## Task instructions
Please set down, word for word, the line that contains "Some of the text" and every line after it to the end of the entries below, omitting the pictures.

[Images for object localization]
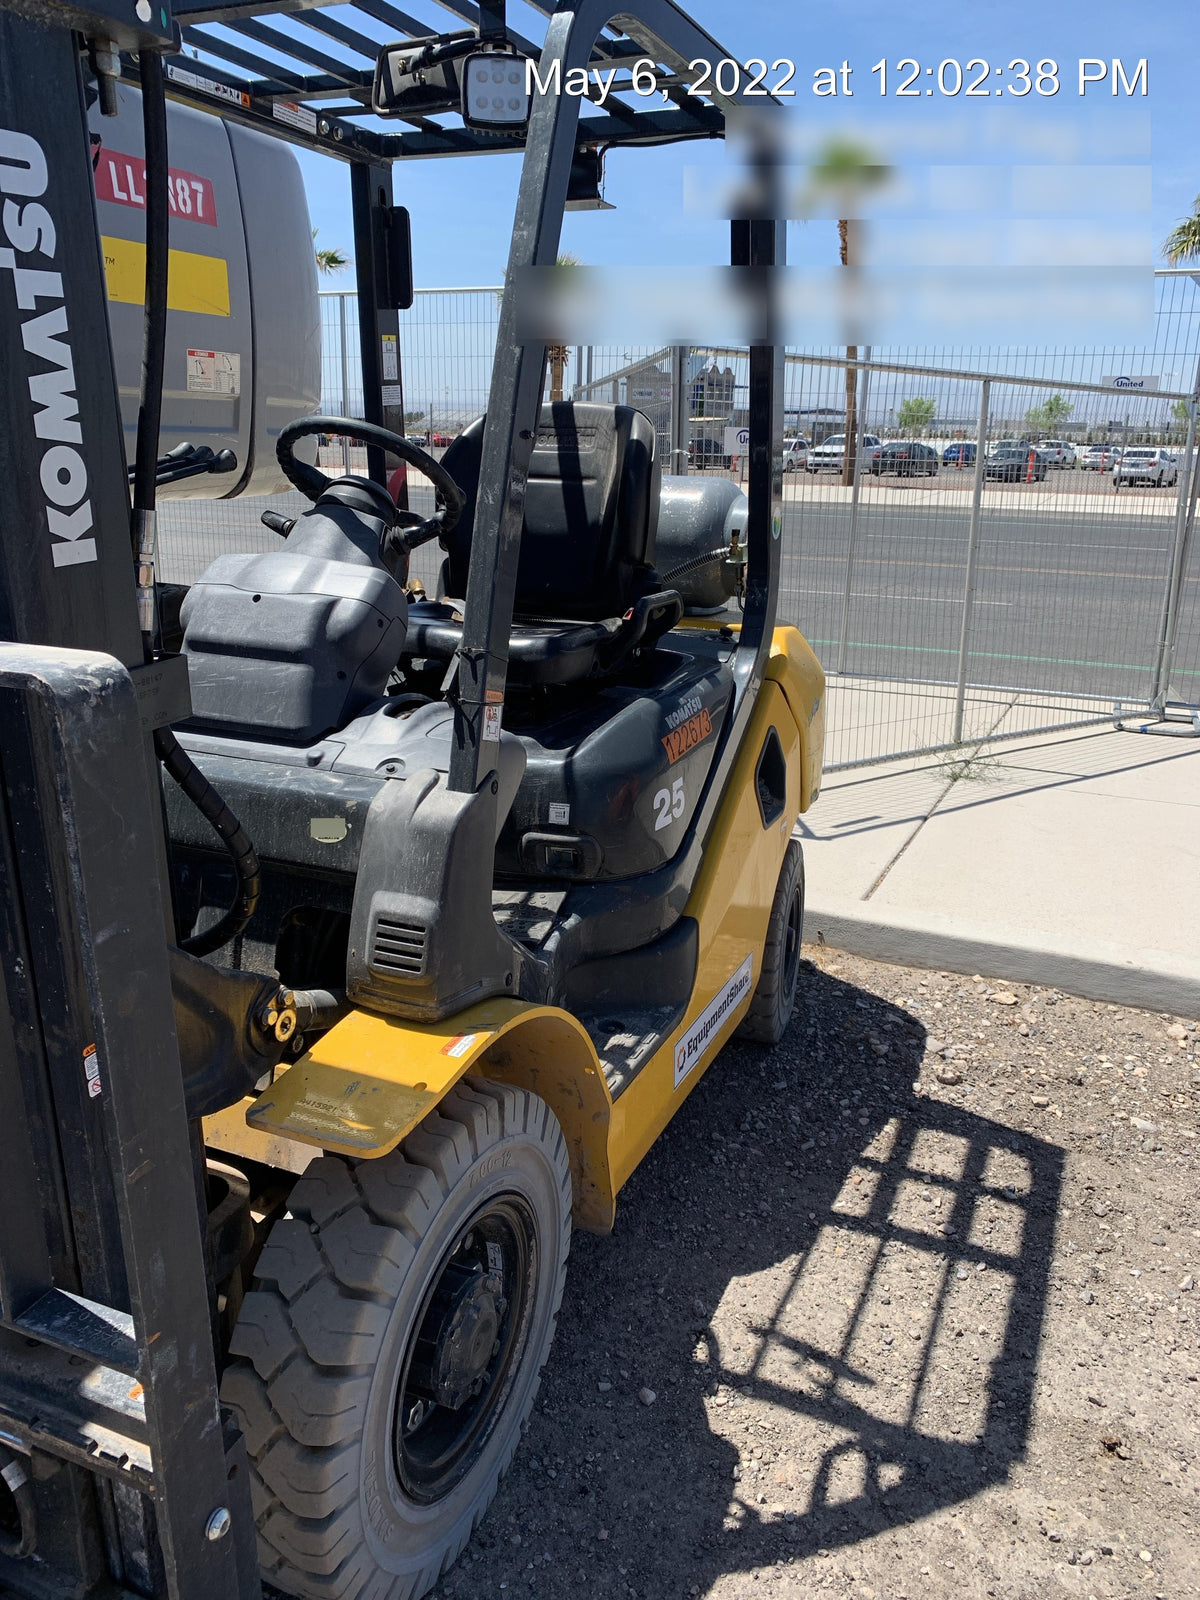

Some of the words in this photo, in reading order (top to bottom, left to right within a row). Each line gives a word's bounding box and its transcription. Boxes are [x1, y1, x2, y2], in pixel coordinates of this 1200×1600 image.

[0, 129, 98, 568] KOMATSU
[1116, 380, 1144, 388] United
[665, 696, 703, 729] KOMATSU
[665, 709, 712, 760] 122673
[653, 776, 685, 831] 25
[687, 970, 750, 1059] EquipmentShare
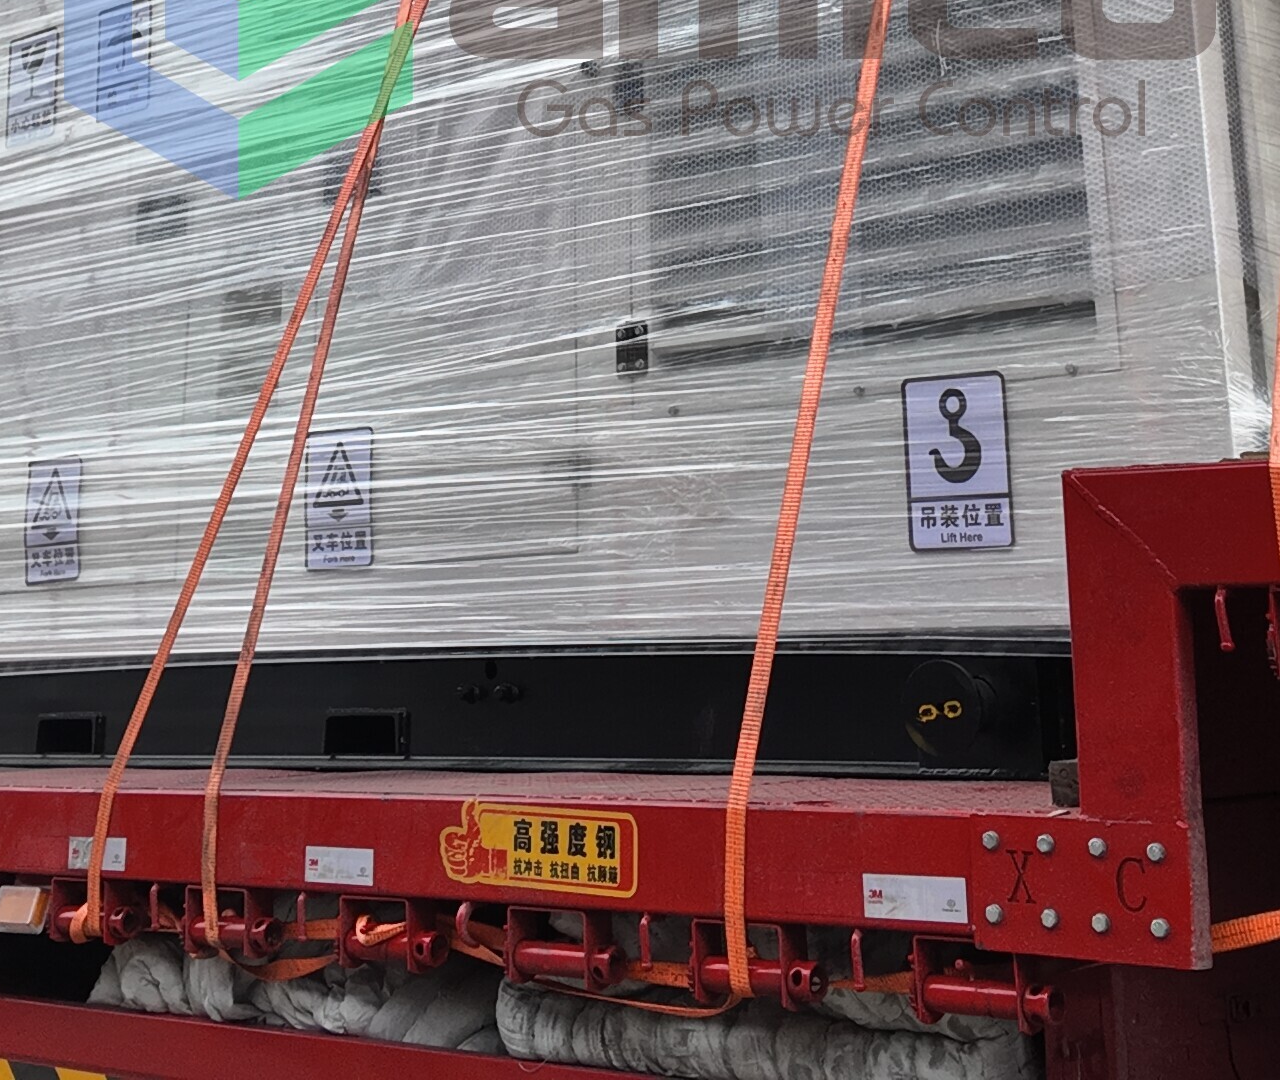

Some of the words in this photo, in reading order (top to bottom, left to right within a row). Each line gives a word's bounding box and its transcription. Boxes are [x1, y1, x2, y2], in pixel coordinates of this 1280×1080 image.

[920, 502, 1005, 529] 吊装位置
[940, 532, 958, 543] Lift
[959, 531, 983, 542] Here
[513, 818, 616, 859] 高强度钢
[513, 857, 543, 877] 抗冲击
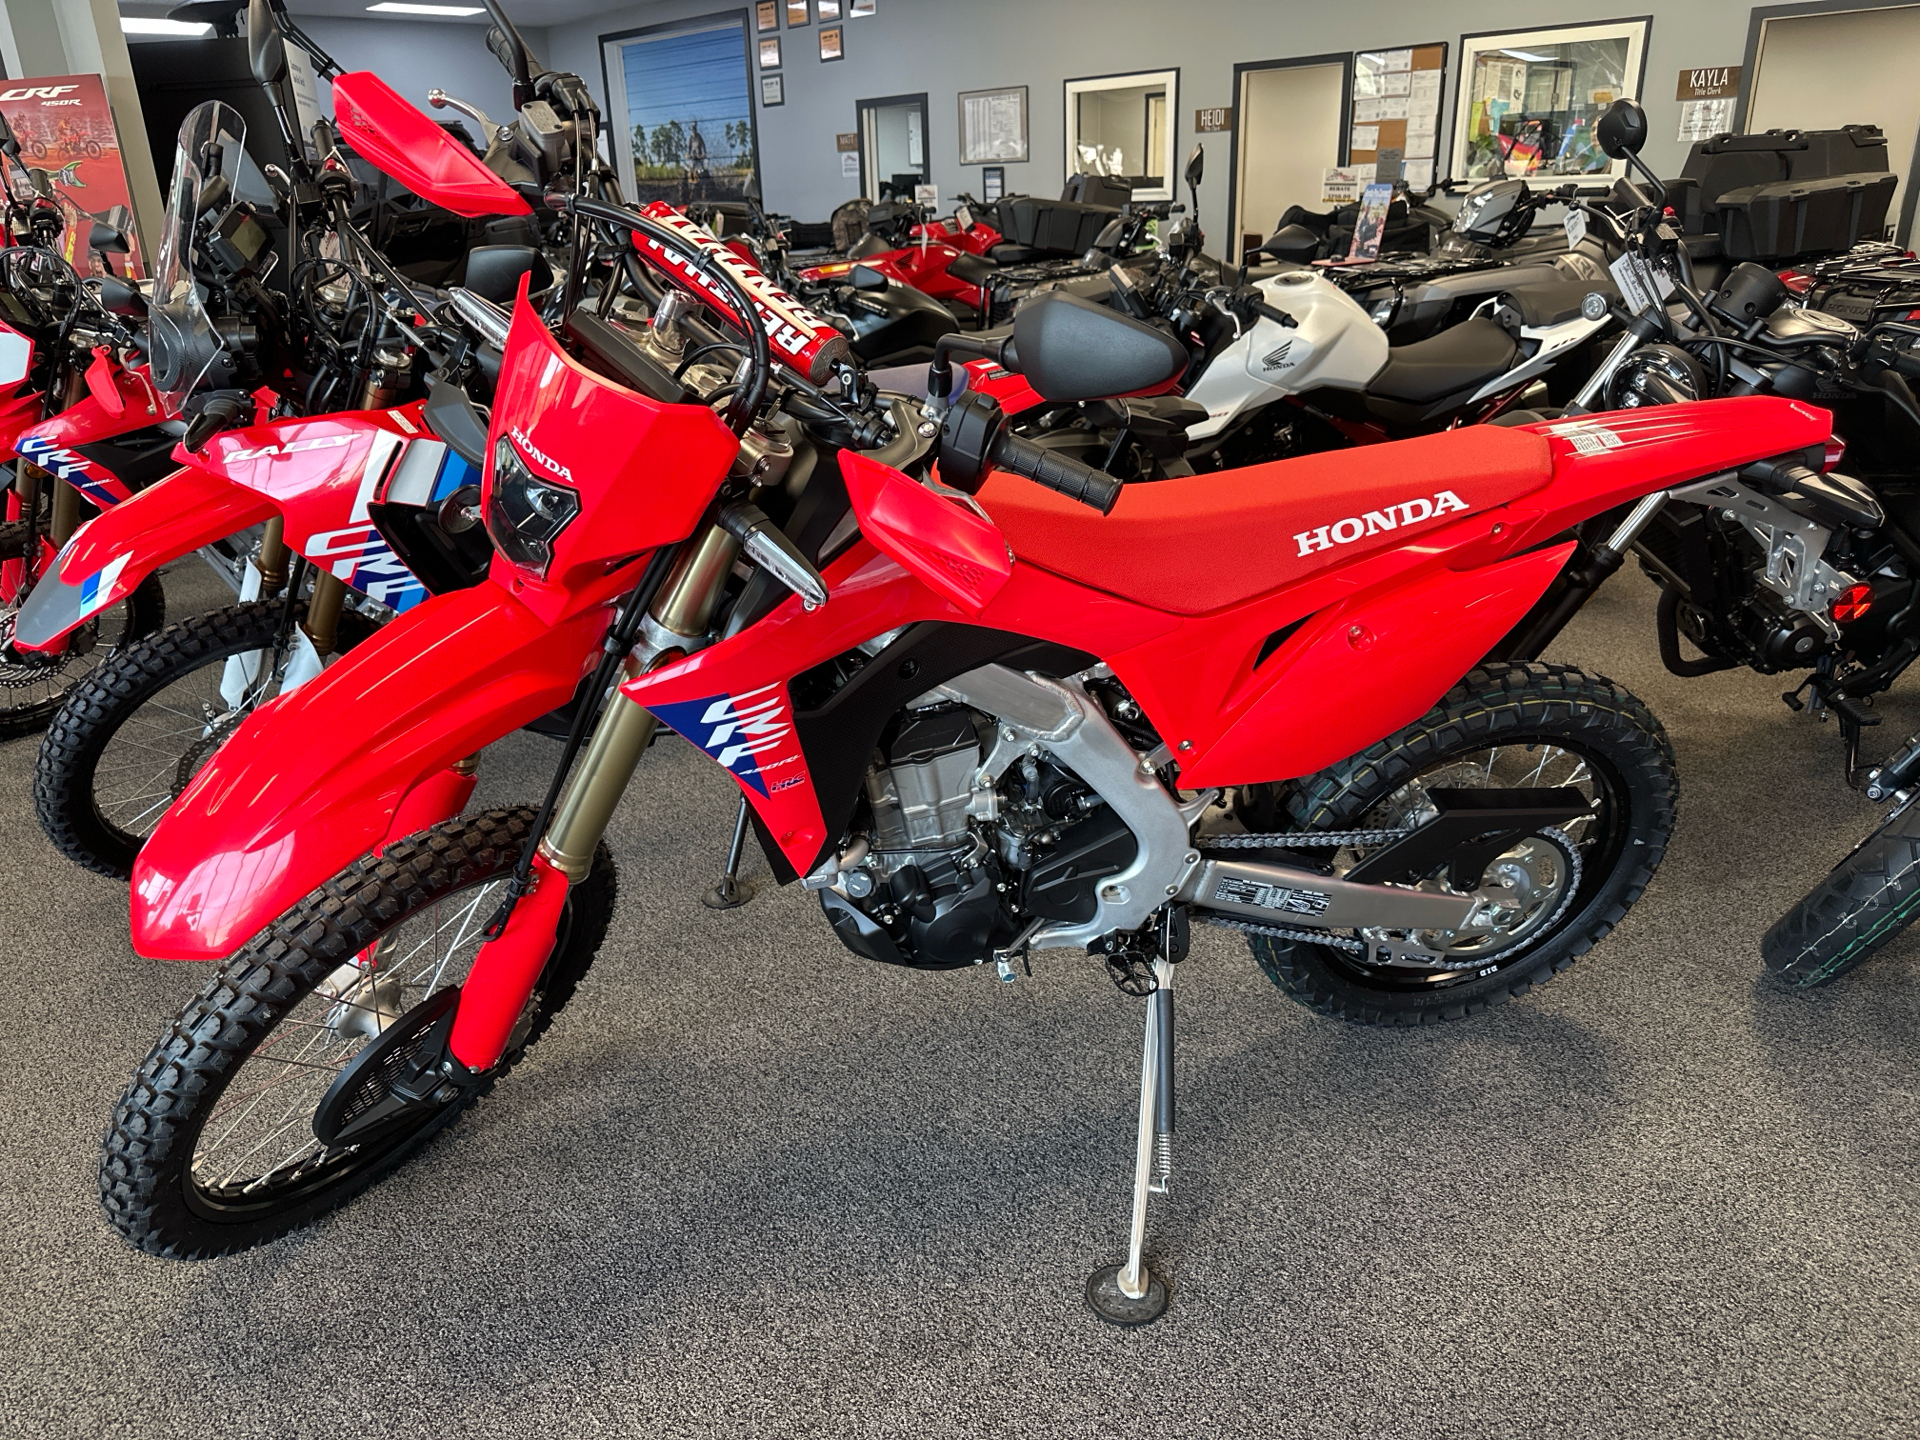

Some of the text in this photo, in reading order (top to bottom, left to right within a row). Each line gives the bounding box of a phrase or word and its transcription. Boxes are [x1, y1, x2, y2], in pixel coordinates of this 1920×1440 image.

[1690, 68, 1728, 88] KAYLA
[0, 85, 79, 101] CRF
[41, 99, 83, 107] 450R
[1201, 109, 1225, 127] HEIDI
[660, 203, 830, 328] RENTHAL
[1826, 303, 1870, 315] HONDA
[1263, 362, 1295, 372] HONDA
[222, 433, 362, 464] RALLY
[511, 425, 574, 483] HONDA
[1293, 490, 1470, 557] HONDA
[700, 680, 791, 767] CRF
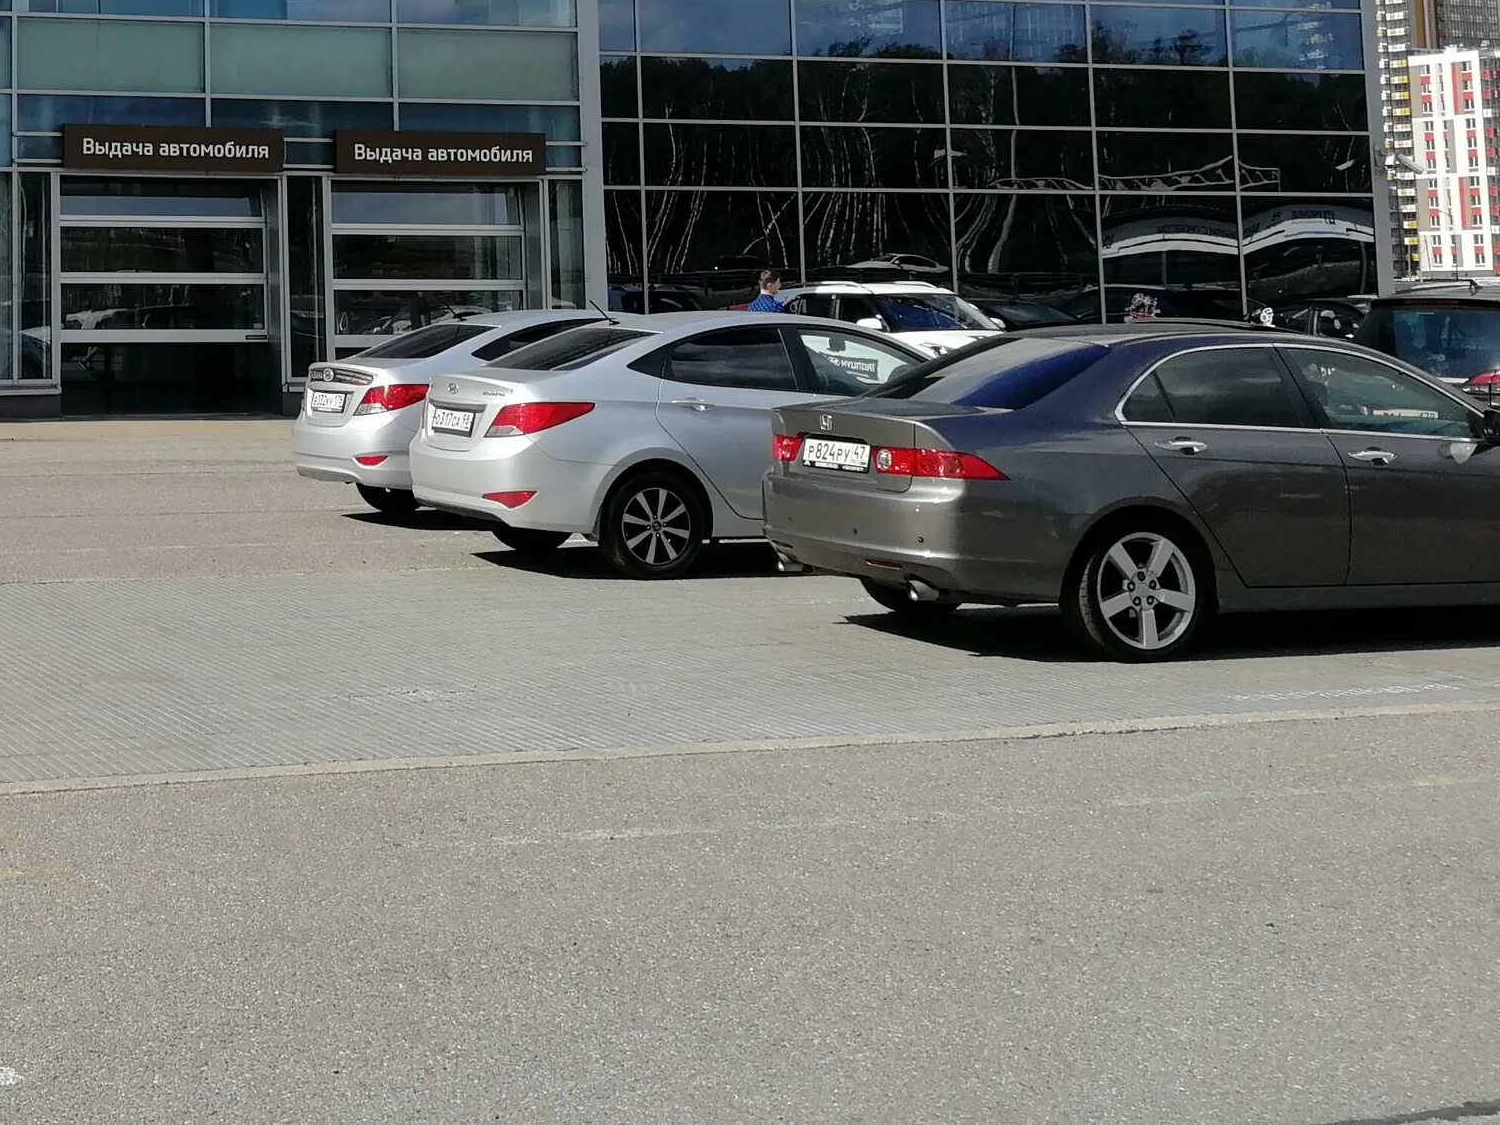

## Answer
Some of the text in this photo, in reading order (top to bottom, left to right within a row). Each line gives the bounding box of a phrase or word and its transcription. Boxes are [x1, y1, x2, y2], in pixel coordinates of this 1920×1440 image.

[1690, 68, 1728, 88] KAYLA
[0, 85, 79, 101] CRF
[41, 99, 83, 107] 450R
[1201, 109, 1225, 127] HEIDI
[660, 203, 830, 328] RENTHAL
[1826, 303, 1870, 315] HONDA
[1263, 362, 1295, 372] HONDA
[222, 433, 362, 464] RALLY
[511, 425, 574, 483] HONDA
[1293, 490, 1470, 557] HONDA
[700, 680, 791, 767] CRF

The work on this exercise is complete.